Strong brand identity drove big wins in March, exemplified by audio ads from Indeed and Liberty Mutual Insurance (with its first appearance in the Index). Other new entrants into the top 10 included Tide and Roman, while Farmers and Lowes continued to show their strength.

The Indeed brand continues to emphasize women and our current climate, proving that its forward-thinking, culturally-on-target perspective drives success. The company’s number one-scoring audio ad in March focuses on a female-owned business (and logically uses a female voiceover, as do four other ads in this top 10; historically, female voices are used only around 28% of the time). 

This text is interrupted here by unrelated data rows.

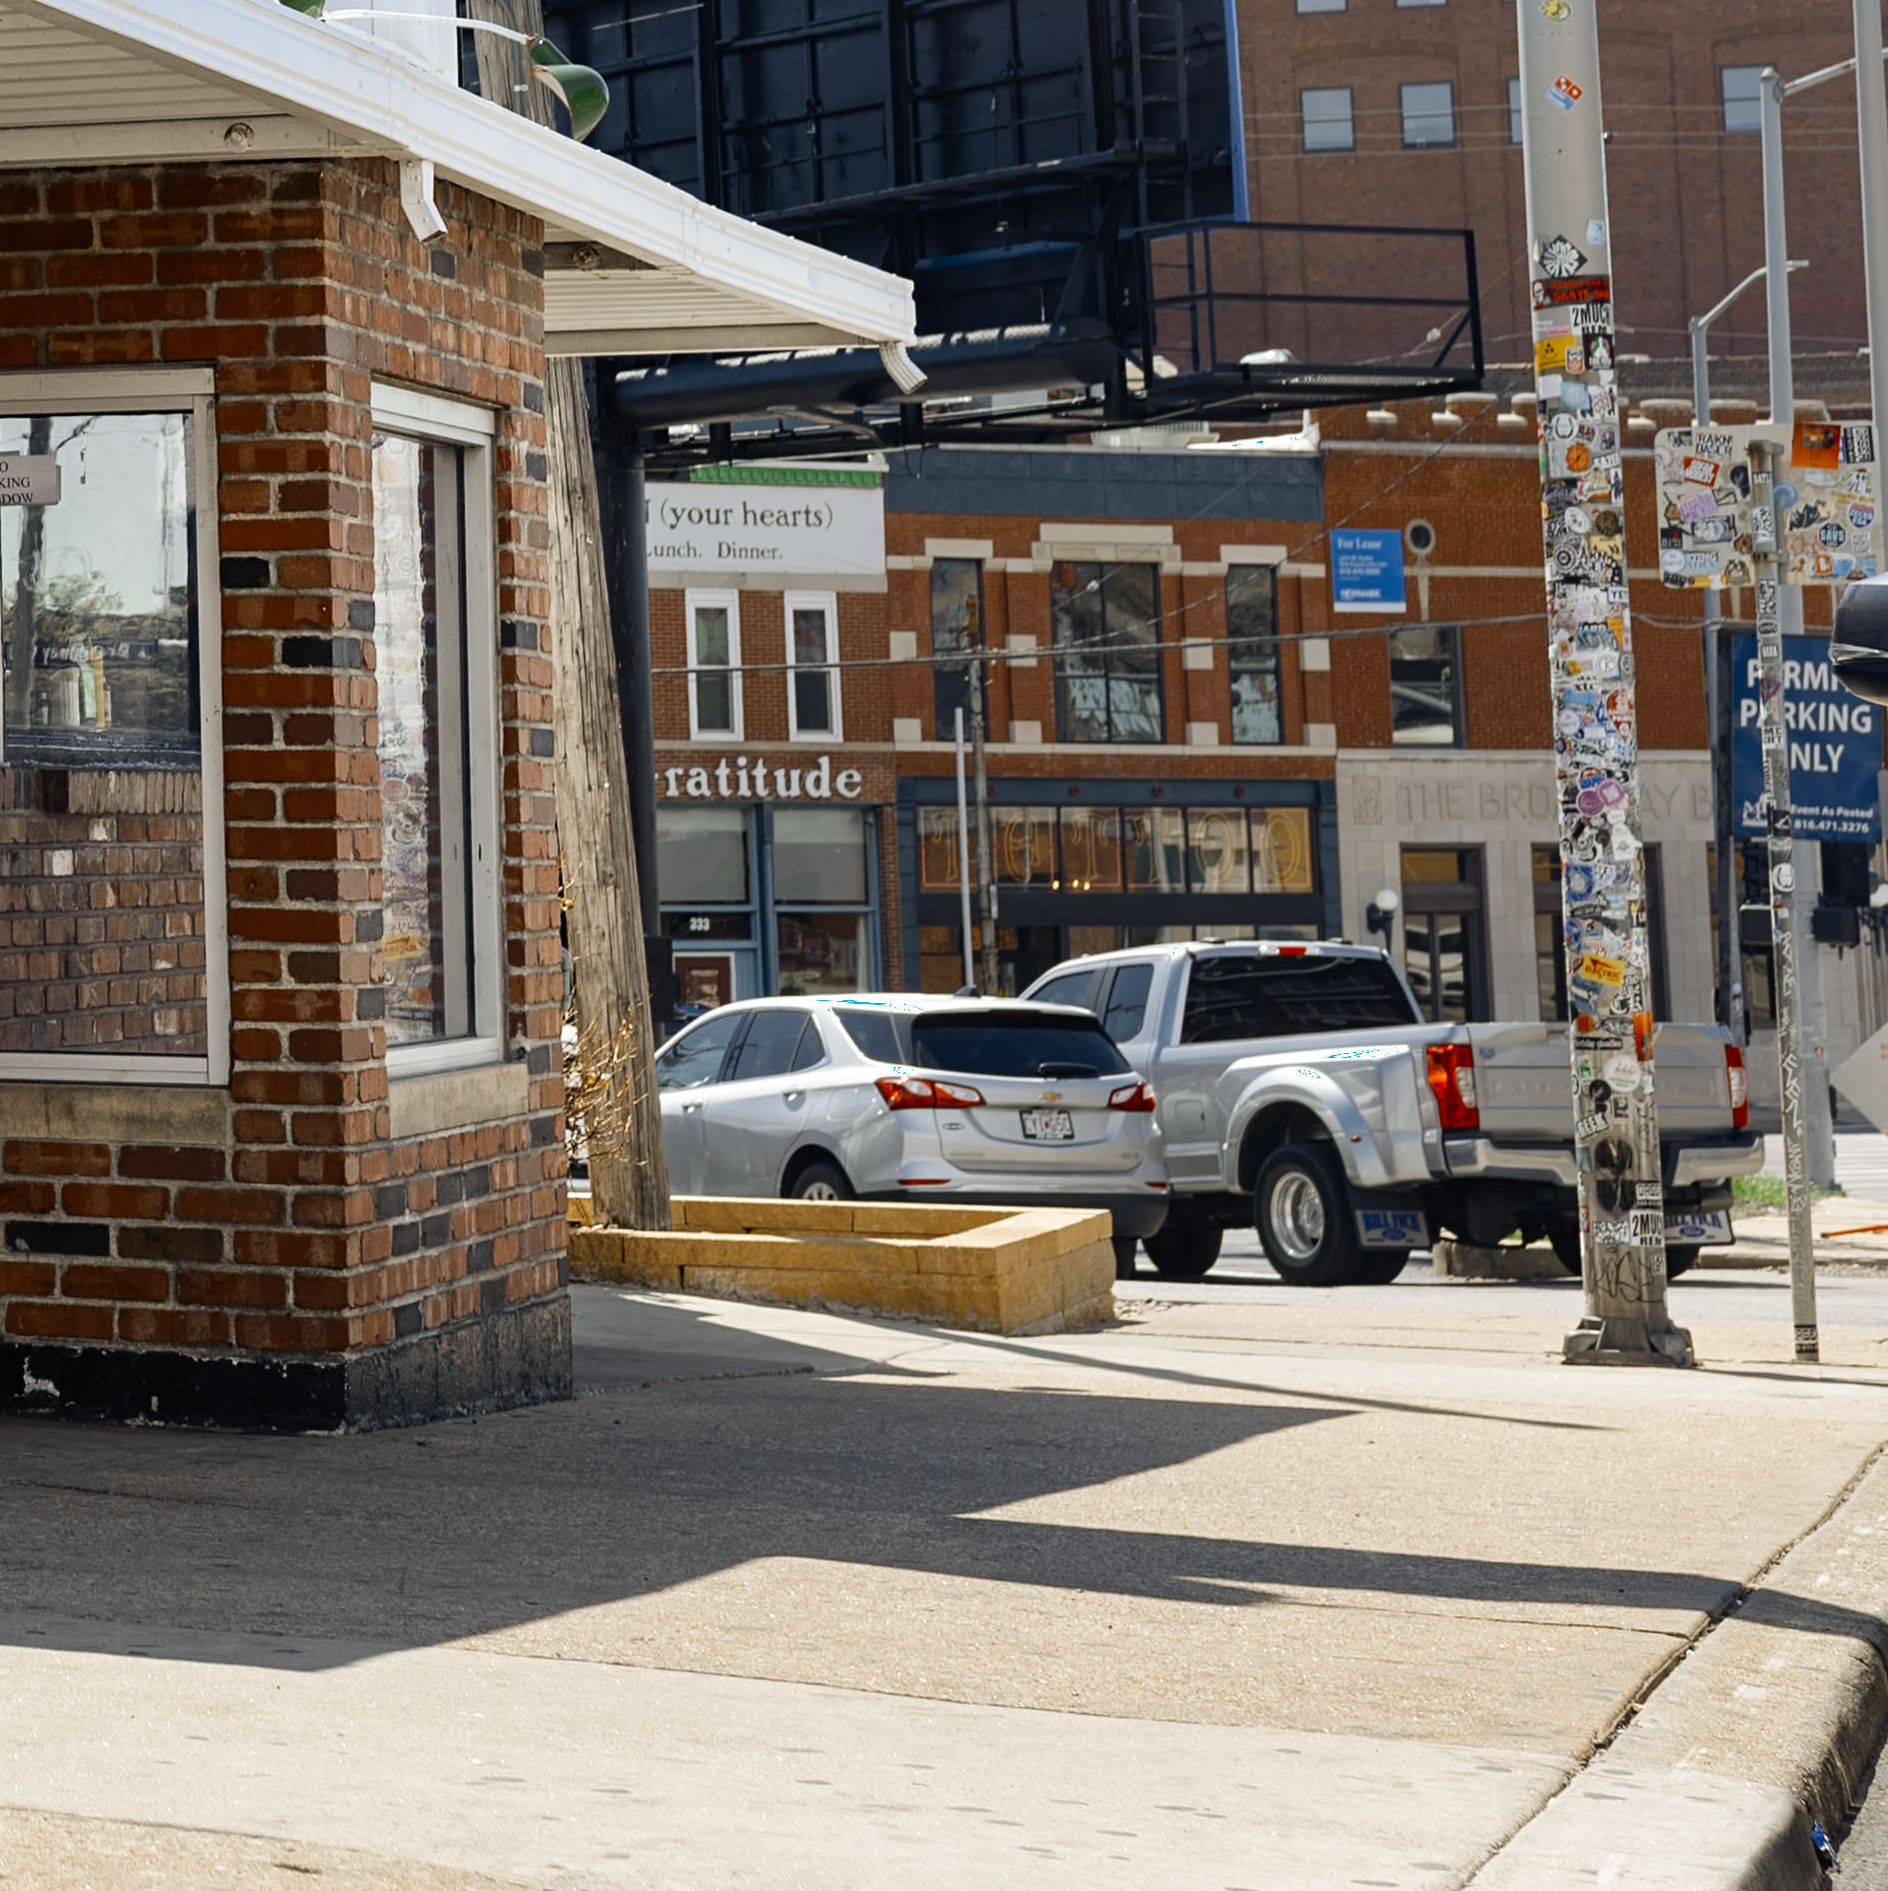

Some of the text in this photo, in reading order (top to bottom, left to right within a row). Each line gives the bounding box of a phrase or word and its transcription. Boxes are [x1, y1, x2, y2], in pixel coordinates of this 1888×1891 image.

[660, 497, 833, 530] (your hearts)
[717, 541, 783, 560] Dinner.
[1338, 537, 1382, 549] For Lease
[1747, 659, 1850, 692] PRMI
[1740, 698, 1872, 734] PRKING
[1790, 742, 1845, 774] NLY
[655, 755, 862, 799] ratitude
[1398, 783, 1465, 821] THE
[1822, 806, 1835, 816] As
[1837, 806, 1873, 818] Posted
[1794, 819, 1870, 834] 816.471.3276
[689, 917, 711, 932] 333

While the issue “Anita’s Outdoor Store” addresses is challenging — needing to hire quickly because the company is stretched thin — the spot is extremely positive (business is growing unexpectedly). Moreover, in a nod to the times, the business is an outdoor store. The combination of factors led to a 27-point jump above the benchmark for purchase intent.

Indeed, 2021

Similarly, but projecting a very different kind of brand identity, Liberty Mutual layers multiple brand elements into its winning audio ad this month. Its brand characters, LiMu Emu and Doug, along with sound effects and an overall lively production, perpetuate the brand’s fun image. Fittingly, the spot scored second-highest (78) for being “energetic.”

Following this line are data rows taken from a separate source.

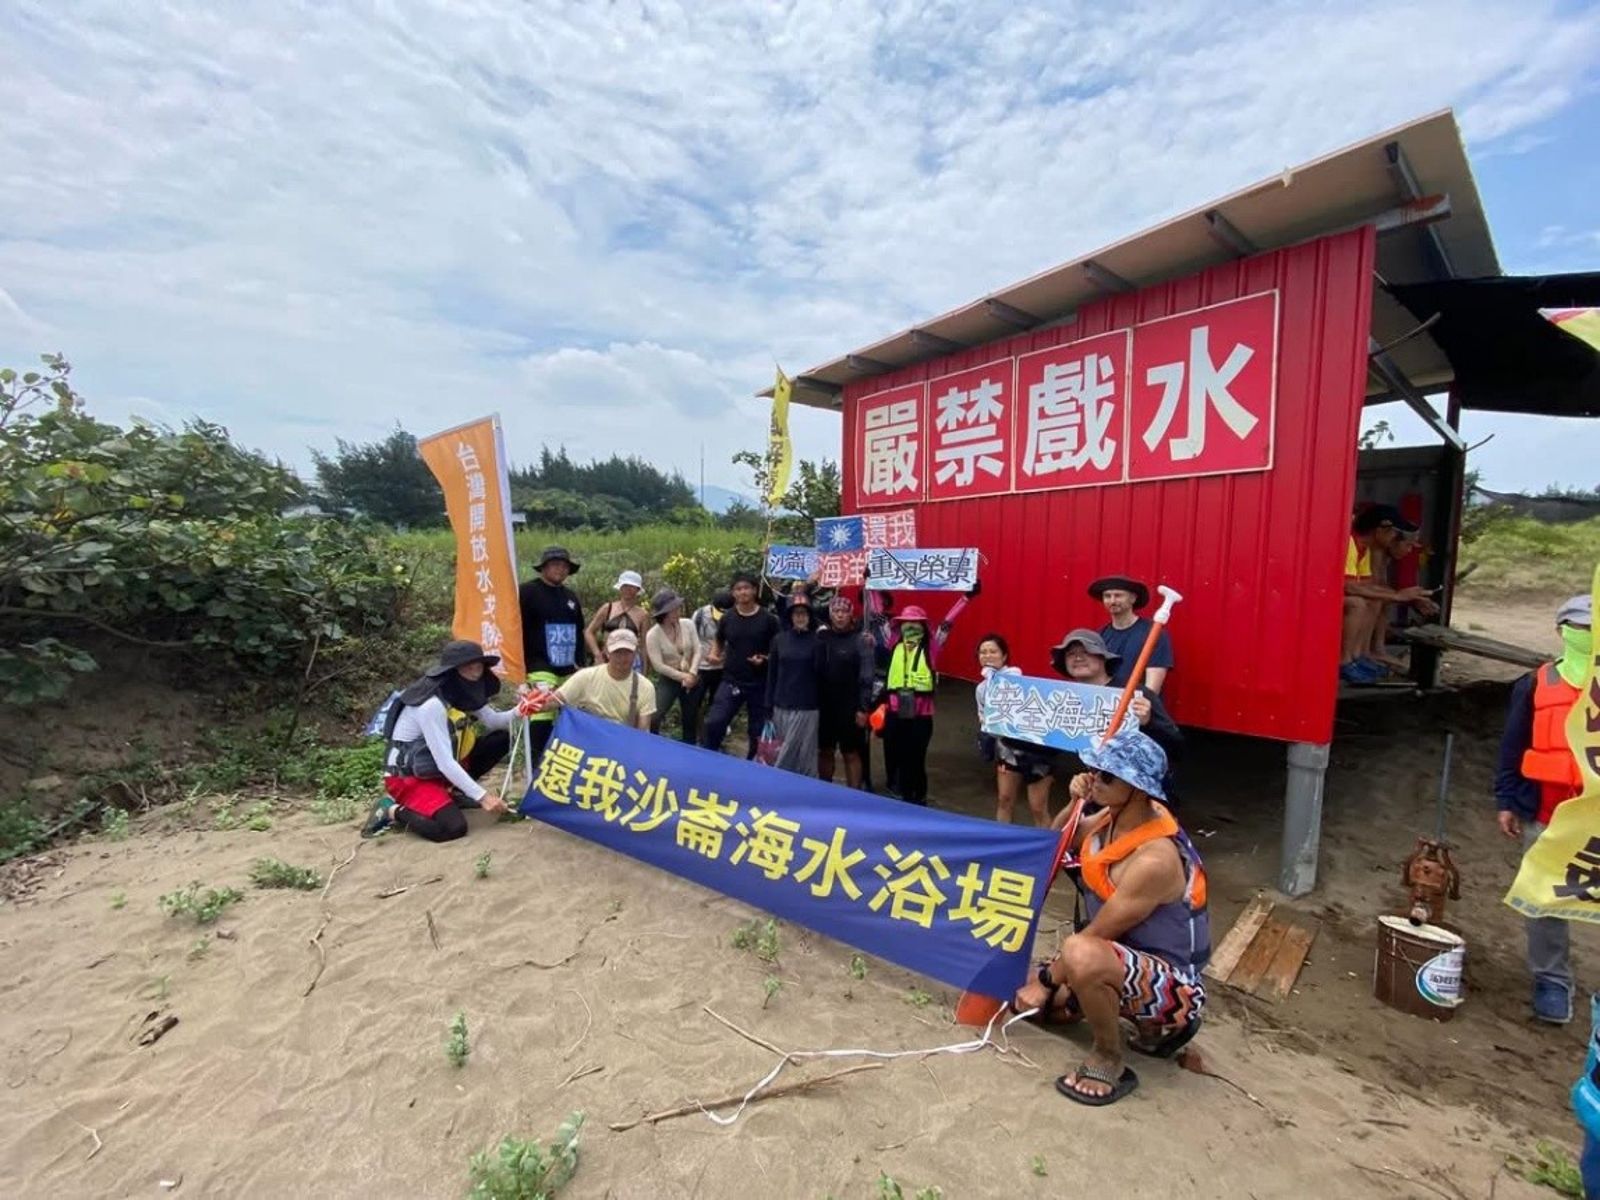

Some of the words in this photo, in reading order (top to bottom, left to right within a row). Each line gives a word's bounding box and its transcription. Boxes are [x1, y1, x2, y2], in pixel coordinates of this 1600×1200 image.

[862, 325, 1259, 497] 嚴禁戲水
[862, 512, 914, 548] 還我
[819, 552, 864, 588] 海洋
[869, 553, 974, 585] 重現榮景
[532, 740, 1036, 953] 還我沙崙海水浴場

Liberty’s highly-memorable sonic brand, which ranked number one in last year’s Audio Logo Index, punctuates the end of the spot as always. With a purchase intent score 17 points above the benchmark for Insurance, the ad’s brand layers clearly work for Liberty.

Liberty Mutual, 2021

Lowe’s, in a return to the Index, leverages both of the above approaches to great effect. Lively and loaded with fun sound effects, its ad is also narrated by a woman.

Lowe’s, 2021

Curious about where your own audio marketing efforts stand? Contact us to get a look.

Methodology

Veritonic Competitive Intelligence empowers brands to understand how their audio marketing stacks up against competitors. It detects and scores audio advertisements across major verticals by analyzing an ongoing flow of thousands of podcast, radio, and other streams. Powered by Machine Listening and Learning (M-LAL™), the platform gauges the effectiveness of assets by correlating each with thousands like it that have been analyzed across the Veritonic database.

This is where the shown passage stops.